= TASK OBJECTIVE =
Exactly as they appear, reproduce the lines from the one holding "Some of the text" through the last line of the material below.

————————

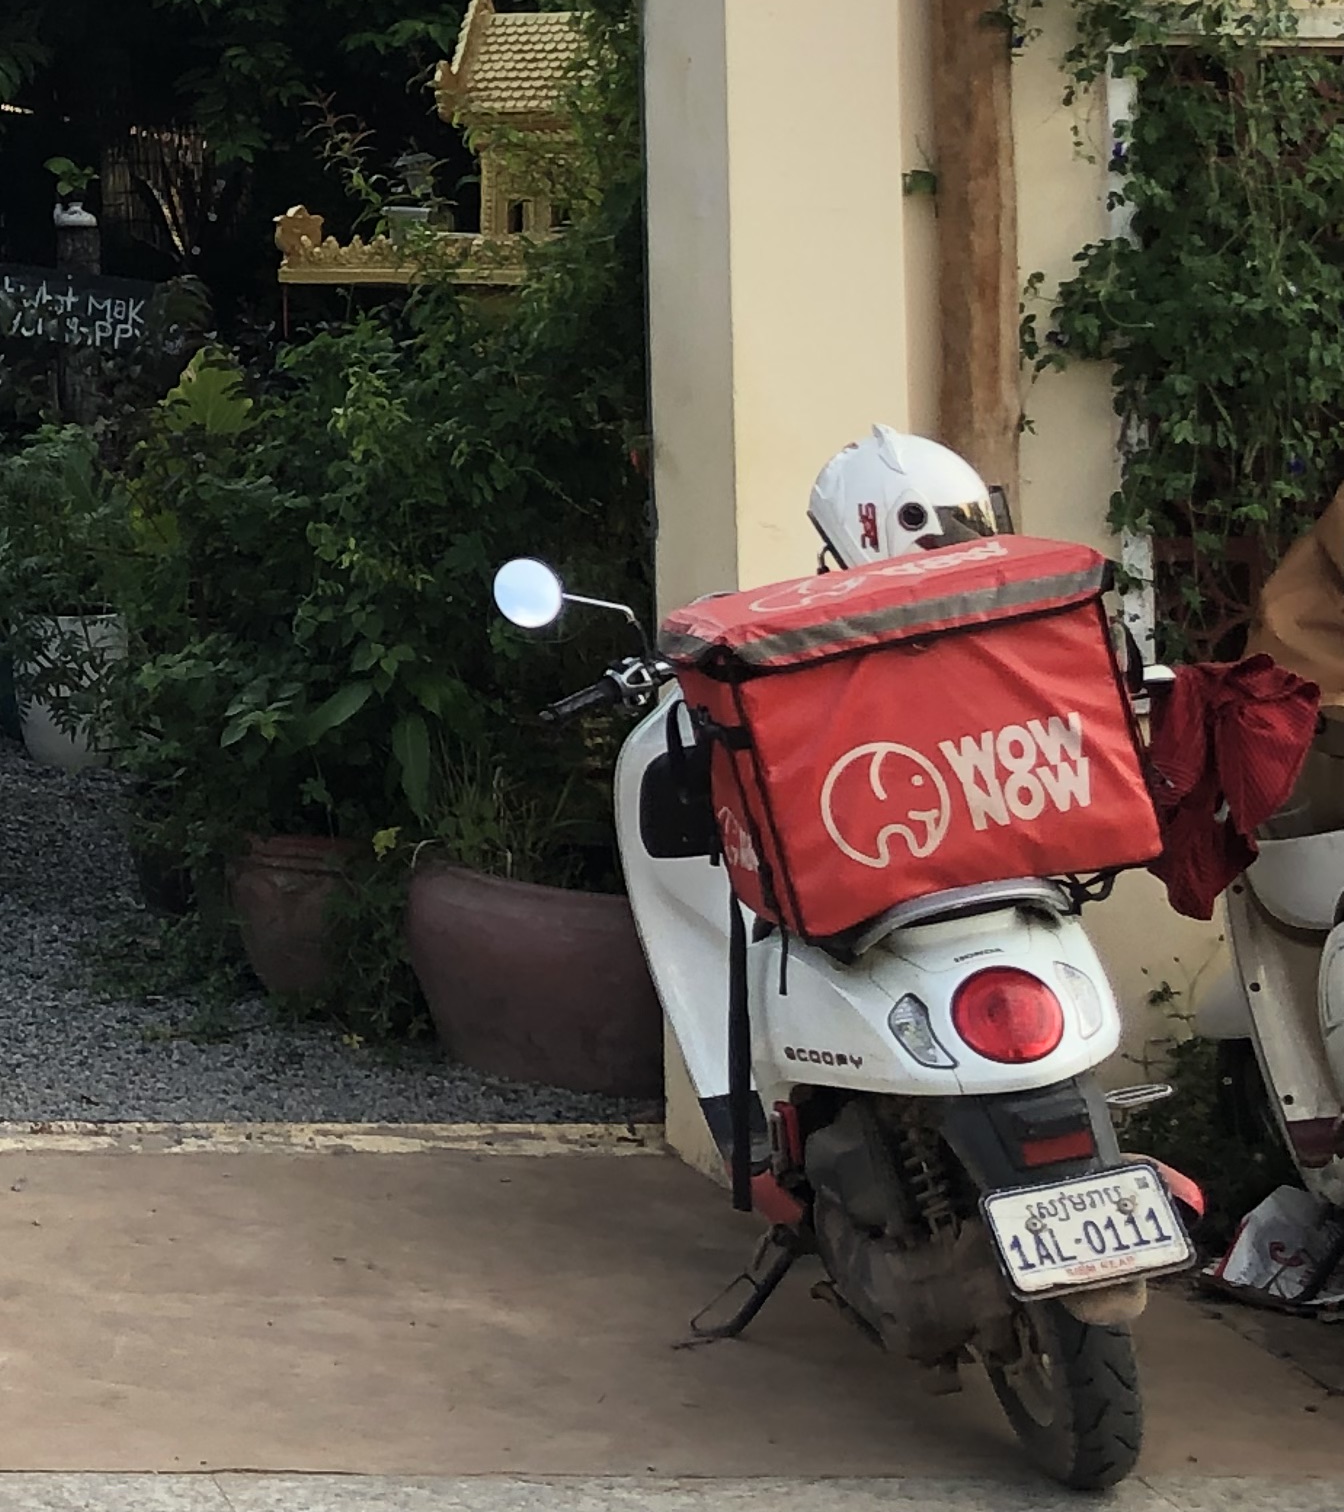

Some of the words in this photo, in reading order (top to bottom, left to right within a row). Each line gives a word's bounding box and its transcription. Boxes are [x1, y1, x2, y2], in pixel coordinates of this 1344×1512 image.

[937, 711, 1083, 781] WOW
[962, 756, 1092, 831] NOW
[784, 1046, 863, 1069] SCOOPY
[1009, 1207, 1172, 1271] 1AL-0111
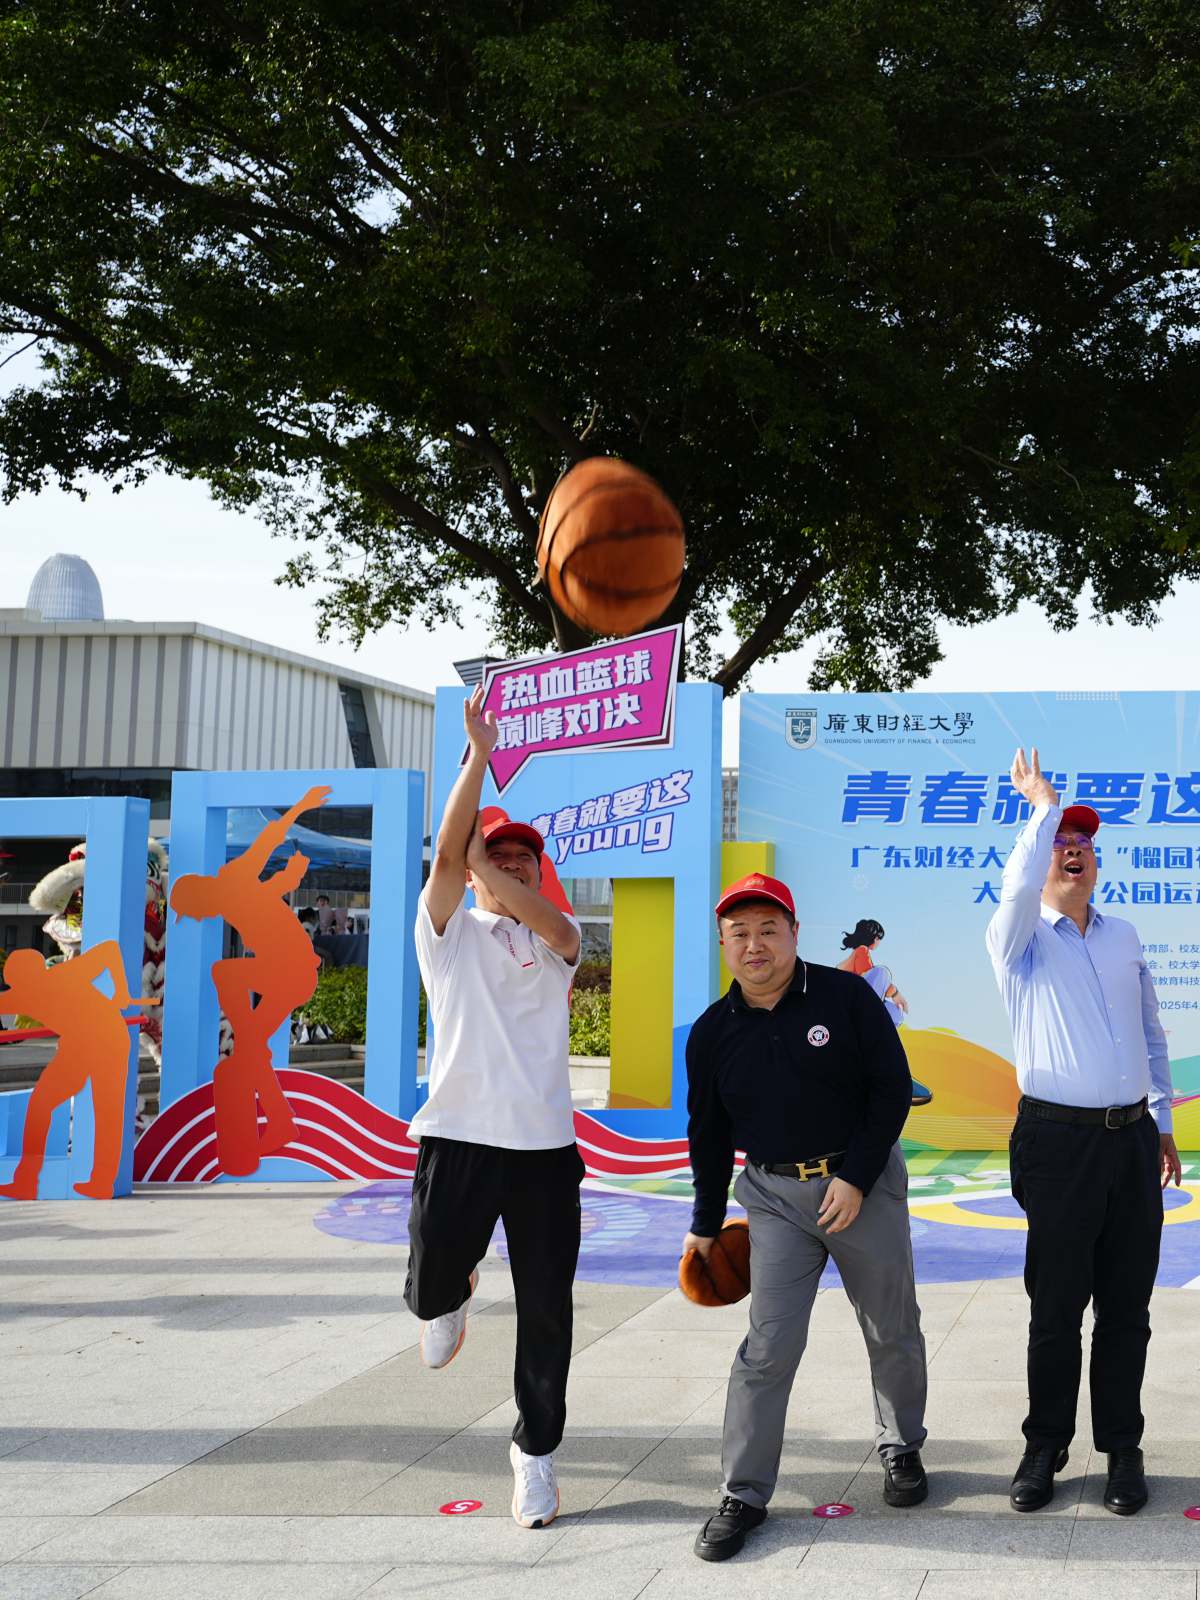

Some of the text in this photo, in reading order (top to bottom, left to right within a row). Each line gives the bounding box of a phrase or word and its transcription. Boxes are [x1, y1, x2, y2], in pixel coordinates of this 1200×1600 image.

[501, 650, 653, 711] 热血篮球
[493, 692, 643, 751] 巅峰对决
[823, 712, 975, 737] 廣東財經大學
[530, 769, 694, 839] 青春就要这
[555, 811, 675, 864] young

————————

= RESPONSE AREA =
Some of the text in this photo, in reading order (top to bottom, left to right within a row). Each line gives the bounding box of a phrase or word and its transcription. Boxes are [x1, y1, x2, y2], in pixel coordinates of this 1200×1600 image.

[501, 650, 653, 711] 热血篮球
[493, 692, 643, 751] 巅峰对决
[823, 712, 975, 737] 廣東財經大學
[530, 769, 694, 839] 青春就要这
[555, 811, 675, 864] young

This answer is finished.